Form CSR-2 filing should be seen as part of the broader annual compliance program of the company. It is closely linked to the filing of Form AOC-4, MGT-7, and DIR-8, all of which form part of the annual reporting framework. Aligning the CSR-2 filing with these filings ensures that all statutory submissions reflect the same data and narrative.

For example, if the board’s report mentions that a certain CSR project was implemented in partnership with a particular NGO, the same should appear in CSR-2 with matching expenditure and timelines. Any variation across forms may lead to audit remarks or even MCA inquiries in the future.

Companies that follow a structured compliance calendar should incorporate the new 30 June 2025 deadline for CSR-2 and align internal review processes accordingly. This includes scheduling CSR committee meetings, planning document finalization, and conducting form testing well before the deadline.

It is also beneficial to assign internal ownership for the CSR-2 filing. This may be led by the company secretary or the CSR head, with support from finance and legal. A cross-functional approach ensures accountability and promotes quality control over the submitted data.

Handling Third-Party Implementing Agencies

Many companies fulfill their CSR obligations through third-party implementing agencies, which include trusts, societies, and Section 8 companies. These agencies are responsible for executing projects on the ground and reporting fund utilization and project outcomes to the donor company.

Form CSR-2 requires detailed disclosures about each implementing agency used during the financial year. This includes registration number, legal structure, registration under Section 12A and 80G of the Income Tax Act, and whether the agency is registered on the CSR portal. Accurate data about these agencies must be gathered, verified, and uploaded into the form.

With the extended deadline, companies have more time to collect and validate this information.

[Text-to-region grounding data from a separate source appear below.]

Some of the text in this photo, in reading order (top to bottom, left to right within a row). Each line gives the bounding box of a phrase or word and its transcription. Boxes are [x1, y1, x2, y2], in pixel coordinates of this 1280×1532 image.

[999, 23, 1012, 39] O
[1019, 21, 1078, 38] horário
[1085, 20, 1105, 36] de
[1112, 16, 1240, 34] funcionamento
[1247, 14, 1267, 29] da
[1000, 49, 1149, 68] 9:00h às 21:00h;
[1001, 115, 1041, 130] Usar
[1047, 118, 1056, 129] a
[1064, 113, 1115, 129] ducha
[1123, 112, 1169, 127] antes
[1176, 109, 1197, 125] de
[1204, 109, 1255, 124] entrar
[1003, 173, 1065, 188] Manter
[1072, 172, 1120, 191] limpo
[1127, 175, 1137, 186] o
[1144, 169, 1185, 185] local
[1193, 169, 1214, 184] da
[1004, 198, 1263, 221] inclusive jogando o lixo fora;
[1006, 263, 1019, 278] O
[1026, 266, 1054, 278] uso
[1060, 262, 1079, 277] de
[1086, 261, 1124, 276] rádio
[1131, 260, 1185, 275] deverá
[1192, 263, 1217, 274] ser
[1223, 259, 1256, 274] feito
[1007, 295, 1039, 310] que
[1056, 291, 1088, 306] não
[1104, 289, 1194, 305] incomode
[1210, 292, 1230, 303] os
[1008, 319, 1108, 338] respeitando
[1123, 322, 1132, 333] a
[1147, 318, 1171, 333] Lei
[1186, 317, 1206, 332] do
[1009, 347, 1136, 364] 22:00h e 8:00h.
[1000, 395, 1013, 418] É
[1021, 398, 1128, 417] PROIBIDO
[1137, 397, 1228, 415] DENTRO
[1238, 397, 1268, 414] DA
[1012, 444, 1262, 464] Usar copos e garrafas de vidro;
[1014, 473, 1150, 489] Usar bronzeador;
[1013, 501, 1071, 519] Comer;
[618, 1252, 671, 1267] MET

Agreements with implementing agencies should include clauses mandating timely data sharing and audit support. Agencies should also provide utilization certificates, project status reports, and impact data that support the company’s CSR-2 disclosures.

It is important to confirm whether the implementing agency has received funds during the financial year and whether these funds have been fully spent or carried forward. In case of multi-year projects, the implementing agency must report on milestones achieved during the relevant year, and companies must verify this information before filing.

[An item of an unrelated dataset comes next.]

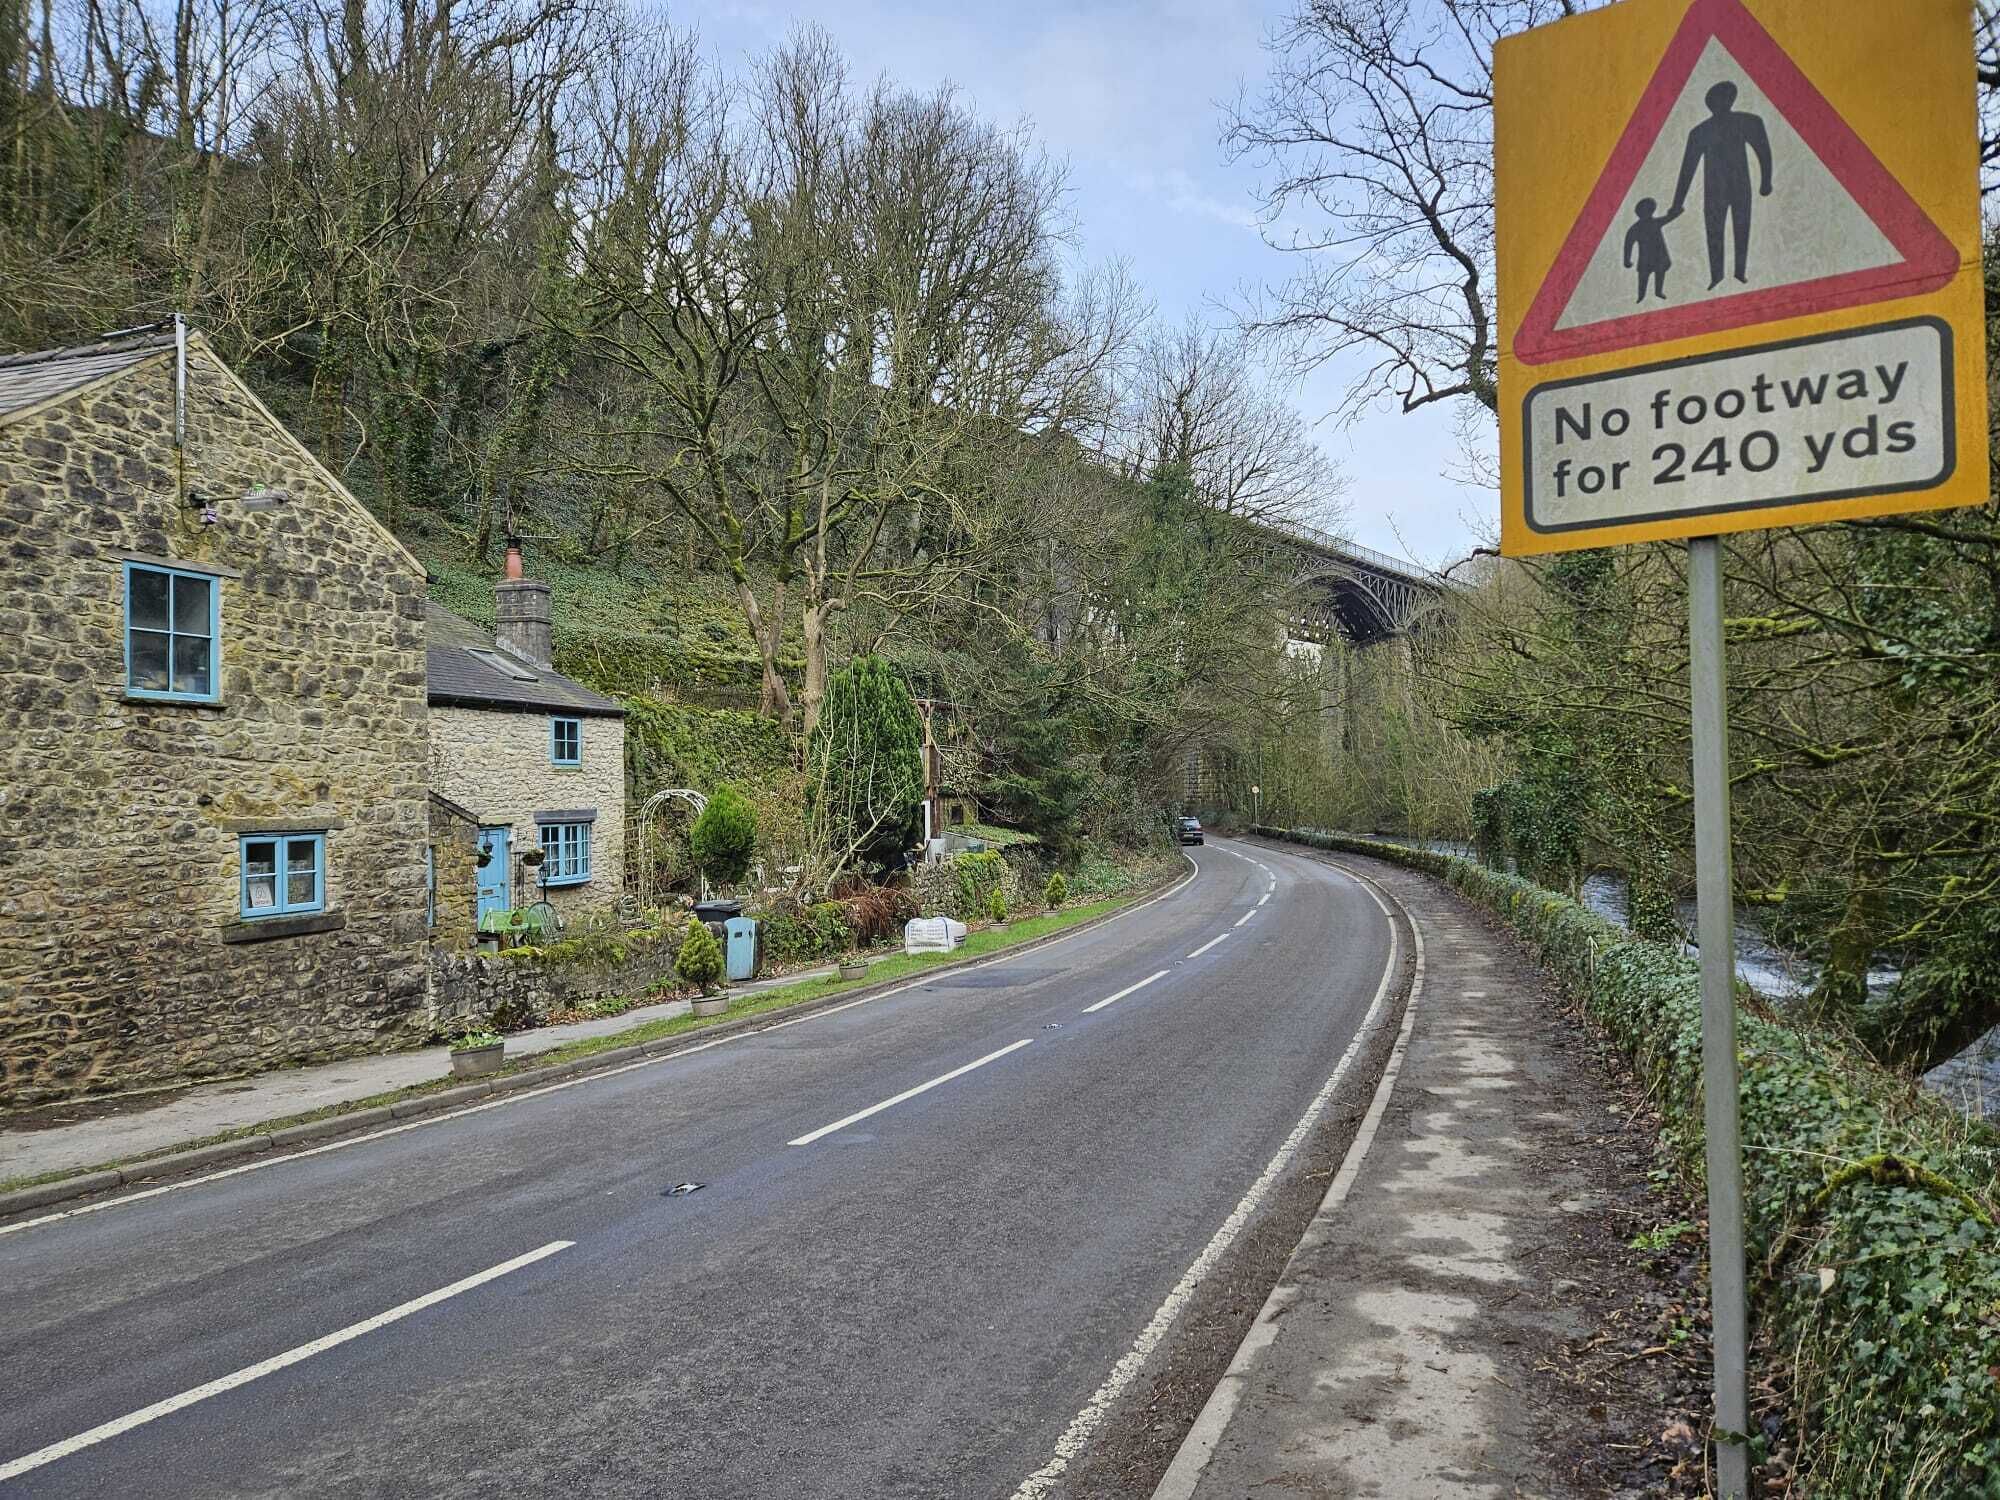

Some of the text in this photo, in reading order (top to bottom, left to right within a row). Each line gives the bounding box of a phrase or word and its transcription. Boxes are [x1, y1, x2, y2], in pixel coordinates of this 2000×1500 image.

[1555, 361, 1908, 445] No footway
[1553, 414, 1917, 498] for 240 yds

Failing to report implementing agency details accurately may expose the company to scrutiny regarding the authenticity and effectiveness of its CSR program. The CSR-2 form is designed to capture full traceability of fund flow and project execution, and errors in this section may raise red flags.

Addressing Multi-Year and Ongoing Projects

Many CSR projects are not completed within a single financial year and instead span multiple years. In such cases, companies must identify the project as an ongoing project under the CSR Policy Rules. The amount earmarked for such projects must be transferred to the Unspent CSR Account within thirty days from the end of the financial year.

CSR-2 contains specific fields to report ongoing projects, including details of the financial commitment, actual expenditure during the year, and amount remaining in the unspent account. Companies must also disclose whether the project has been completed, is in progress, or has been discontinued.

The extended deadline to 30 June 2025 provides additional time to assess the status of these projects and update data accordingly. Project documentation, vendor agreements, milestone completion certificates, and beneficiary records should be reviewed to confirm current progress. This helps ensure that CSR-2 filings are both complete and accurate.

Companies must also ensure that unspent balances for ongoing projects are used within three years, failing which they must be transferred to a Schedule VII fund. CSR-2 serves as an annual checkpoint to track whether this three-year window is being adhered to.

Proper classification of a project as ongoing requires board approval and must be supported by a clear implementation schedule. Failure to meet these criteria may disqualify the project from being treated as ongoing, which can lead to penalties for unspent obligations.

Linking CSR-2 Data to Sustainability and ESG Reporting

Many companies are increasingly integrating CSR reporting with their broader Environmental, Social, and Governance (ESG) disclosures. Although CSR-2 is a statutory filing under the Companies Act, the data within it can serve as a base for ESG metrics, sustainability indices, and integrated reporting frameworks.

CSR expenditure, beneficiary numbers, impact stories, and project locations reported in CSR-2 can be aligned with disclosures made in business responsibility reports, sustainability reports, and integrated annual reports. For companies pursuing ESG ratings, the quality and integrity of CSR data become even more critical.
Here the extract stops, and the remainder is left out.